ISMM - Chapitre 20 - Ça dure depuis combien de temps ?

 

315.
Quelle inquiétude, vraiment quelle inquiétude.

Je regardai Gu Yiliang, la tête baissée et absorbé par son repas, et je sentais presque mes cheveux devenir blancs d'anxiété.

 

316.
Bien que grignoter du sucre (NT : savourer les interactions mignonnes ou ambiguës) en secret soit effectivement très excitant, cette idole était vraiment source de soucis.

Alors, était-il hétéro ou pas ?

S'il l'était, il faisait pourtant tant de gestes et disait tant de paroles qui étaient indéniablement séduisants. Ce n'était certainement pas parce que j'étais facile à séduire, non ?

Mais s'il ne l'était pas... alors pourquoi semblait-il si naturel et si à l'aise dans ses actions, sans jamais laisser entendre quoi que ce soit d'ambigu ?

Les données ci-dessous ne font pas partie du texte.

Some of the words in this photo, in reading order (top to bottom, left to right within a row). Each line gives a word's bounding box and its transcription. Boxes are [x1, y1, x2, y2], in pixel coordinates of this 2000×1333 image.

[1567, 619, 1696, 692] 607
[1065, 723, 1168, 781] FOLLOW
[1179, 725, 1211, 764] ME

Si vraiment il était hétéro, je pourrais grignoter du sucre sans me sentir coupable. Mais s'il ne l'était pas...

Cela ne changerait rien au fait que je continue à grignoter du sucre.

 

317.
Mais pour moi, ça changerait tout !

Si jamais il n'était pas hétéro, non seulement je grignoterais du sucre en cachette, mais en plus, je jouerais ouvertement la carte du fanservice avec lui selon les exigences de l'entreprise. Cela ferait de moi un salaud qui joue avec ses sentiments, non ?!

Non, ce serait inacceptable, impardonnable.

Je mâchai mes pousses de soja en soupirant, maudissant intérieurement les scientifiques de ne pas avoir encore inventé une sorte de « papier-test d'hétérosexualité ». Comme les bandelettes de test de pH, il suffirait de le coller sur sa tête, et selon la couleur, on pourrait savoir s'il était hétéro ou pas.

On parle toujours du « chat de Schrödinger », mais Gu Yiliang, c'était carrément « l'hétéro de Schrödinger » !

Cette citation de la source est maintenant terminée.